Stored items from a collection
········

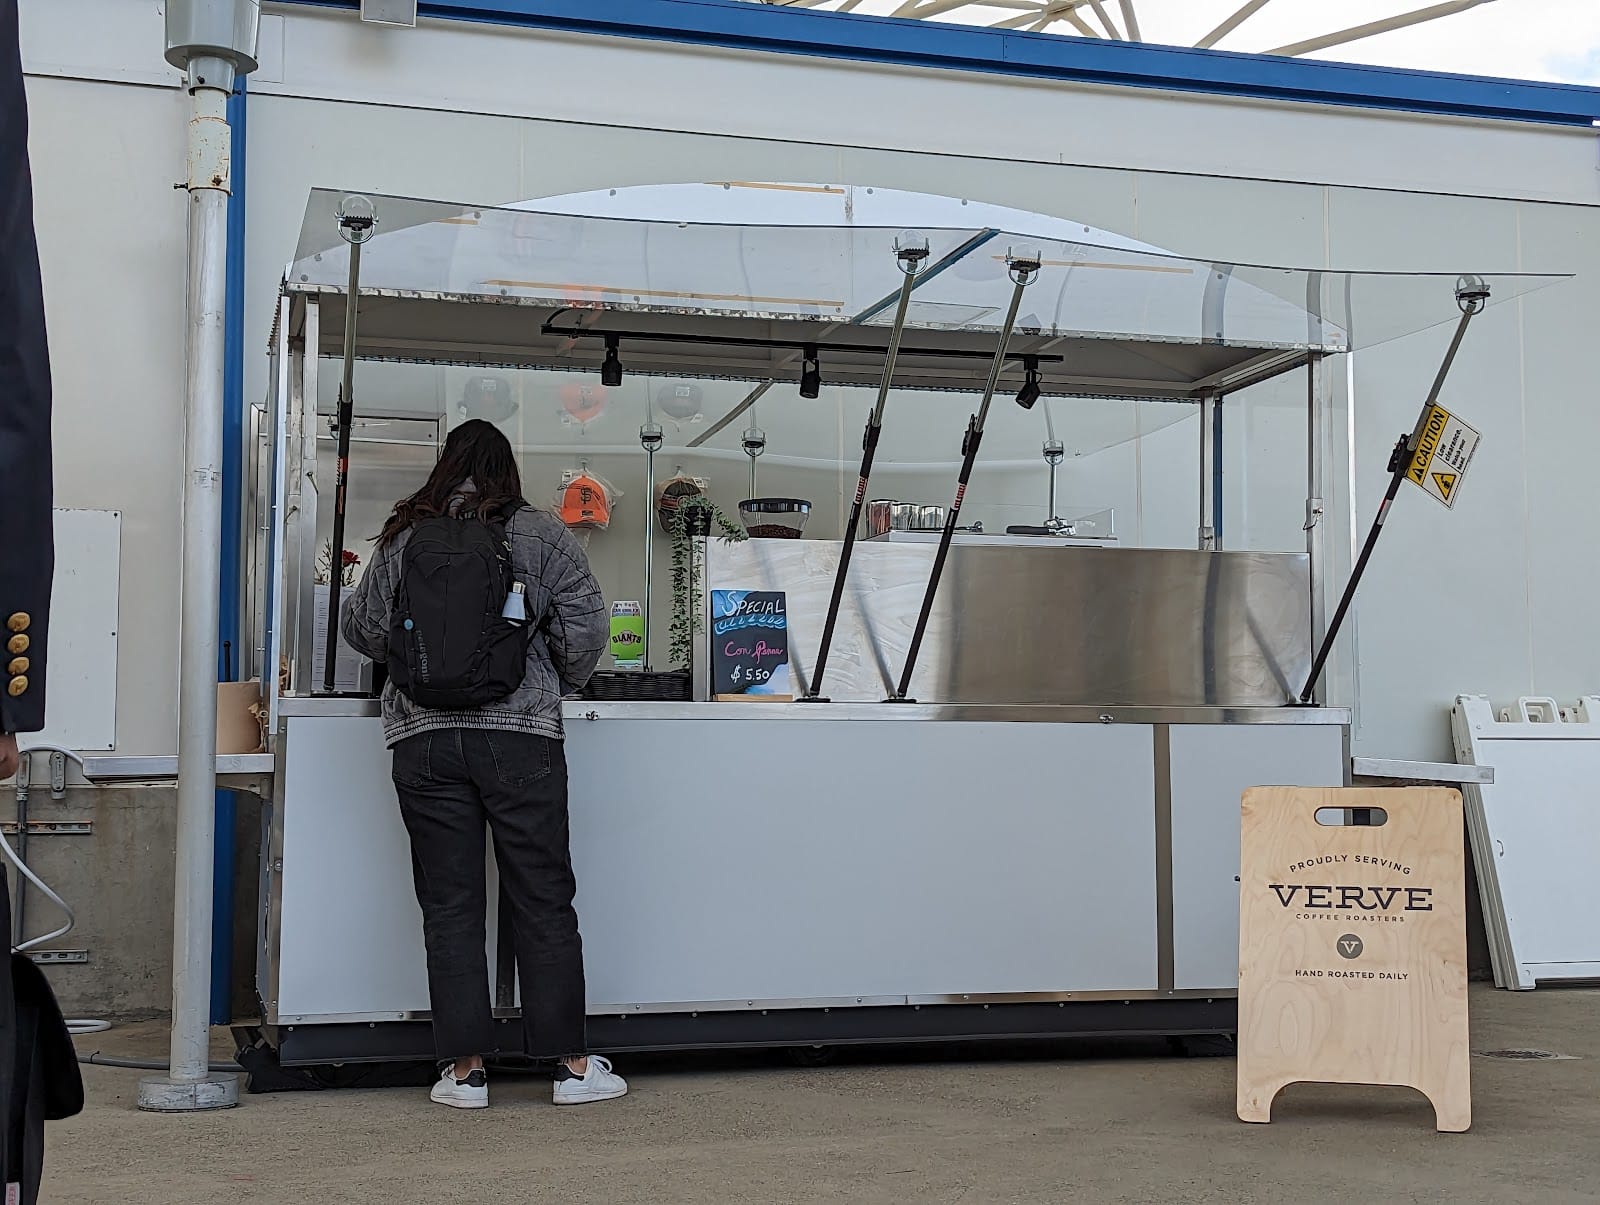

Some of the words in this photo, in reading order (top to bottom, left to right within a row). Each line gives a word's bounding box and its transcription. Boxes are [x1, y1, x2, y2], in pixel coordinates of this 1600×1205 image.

[1416, 410, 1445, 467] CAUTION
[1437, 443, 1446, 457] Low
[722, 591, 785, 617] SPECIAL
[612, 633, 642, 644] GIANTS
[745, 668, 770, 681] 5.50
[1289, 855, 1348, 873] PROUDLY
[1354, 855, 1411, 875] SERVING
[1268, 884, 1433, 911] VERVE
[1296, 913, 1339, 921] COFFEE
[1346, 915, 1405, 923] ROASTERS
[1295, 969, 1323, 978] HAND
[1327, 970, 1375, 979] ROASTED
[1379, 971, 1409, 980] DAILY
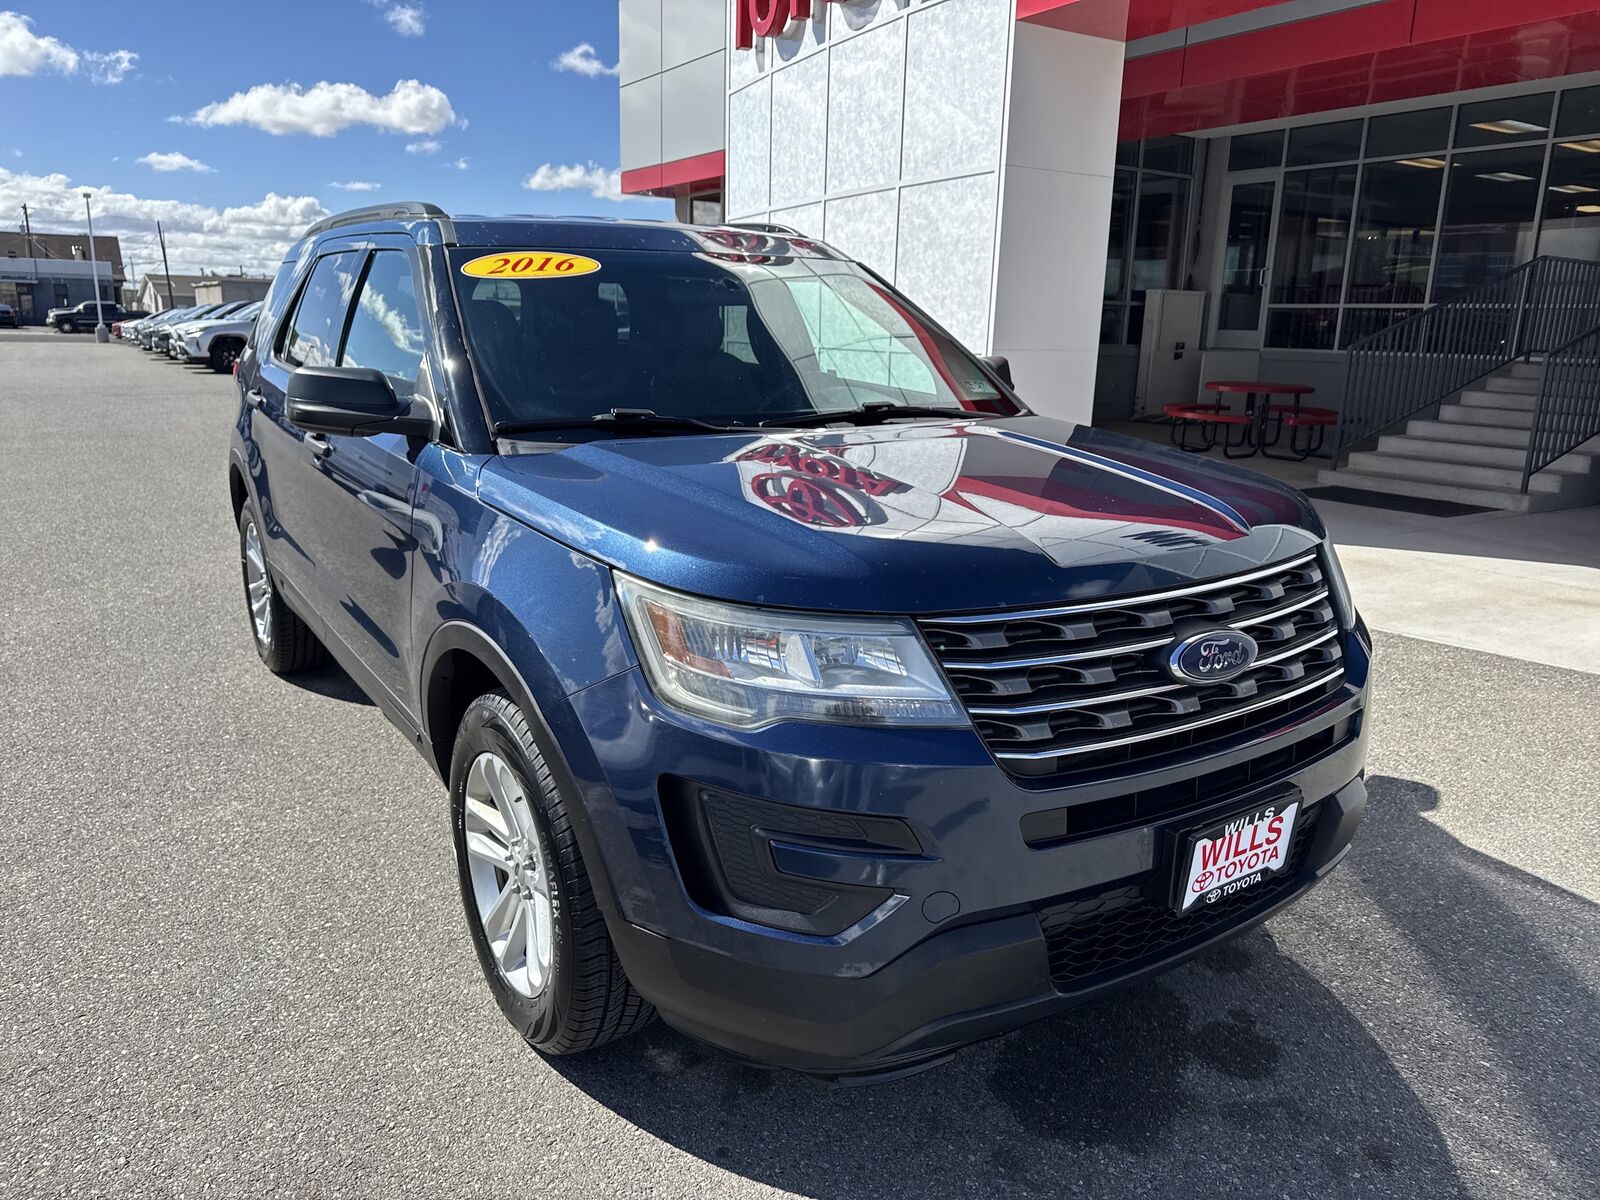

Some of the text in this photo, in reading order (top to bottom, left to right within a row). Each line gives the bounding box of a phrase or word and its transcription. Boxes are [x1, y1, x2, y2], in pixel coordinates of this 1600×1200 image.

[487, 256, 579, 275] 2016
[1199, 638, 1245, 673] Ford
[1224, 806, 1276, 837] WILLS
[1202, 815, 1284, 871] WILLS
[1216, 846, 1280, 882] TOYOTA
[1223, 872, 1262, 897] TOYOTA
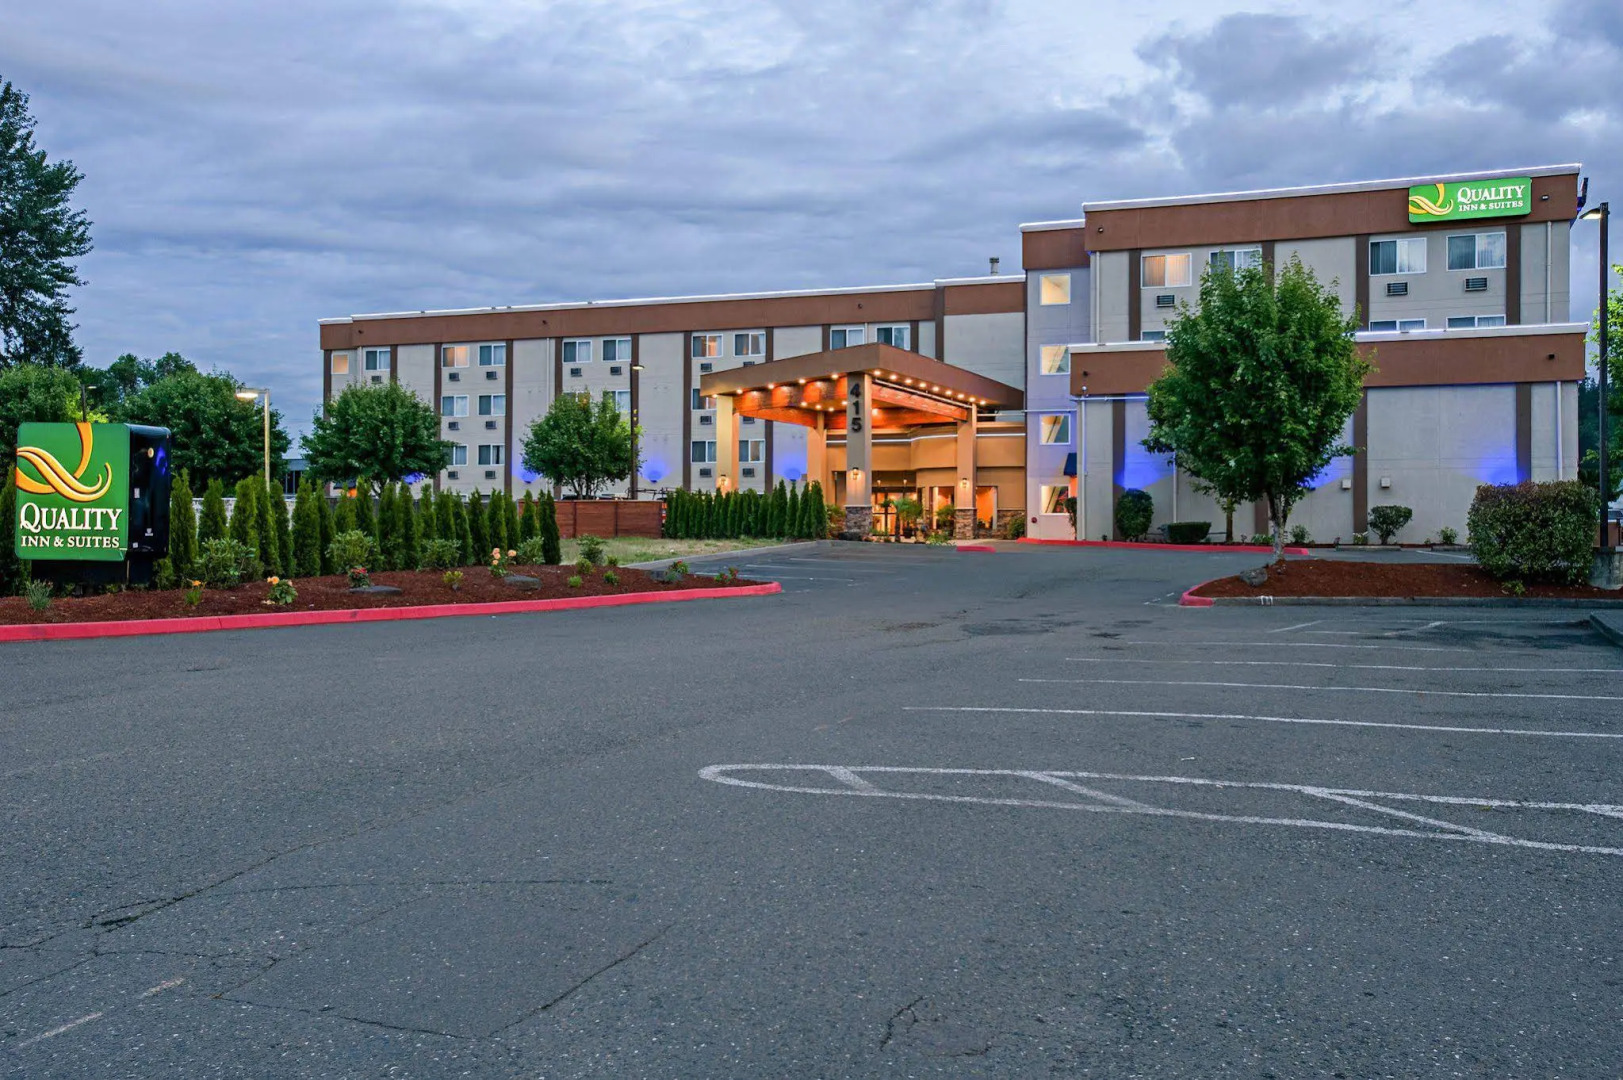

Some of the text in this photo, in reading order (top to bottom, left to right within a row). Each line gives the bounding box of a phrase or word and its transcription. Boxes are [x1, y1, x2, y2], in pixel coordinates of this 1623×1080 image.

········

■ **Directions for this task**:
The lines from the one containing "this 1600×1200 image." to the last line of the records, both included: print exactly those and nothing else, leaving out any pictures.

■ **Answer space**:
Some of the text in this photo, in reading order (top to bottom, left to right within a row). Each line gives the bounding box of a phrase or word and its transcription. Boxes are [x1, y1, x2, y2], in pixel coordinates of this 1600×1200 image.

[487, 256, 579, 275] 2016
[1199, 638, 1245, 673] Ford
[1224, 806, 1276, 837] WILLS
[1202, 815, 1284, 871] WILLS
[1216, 846, 1280, 882] TOYOTA
[1223, 872, 1262, 897] TOYOTA

Some of the text in this photo, in reading order (top to bottom, left to right within a row). Each line gives the bounding box of a phrase or word and its transcription. Boxes are [x1, y1, x2, y2], in pixel coordinates of this 1623×1080 image.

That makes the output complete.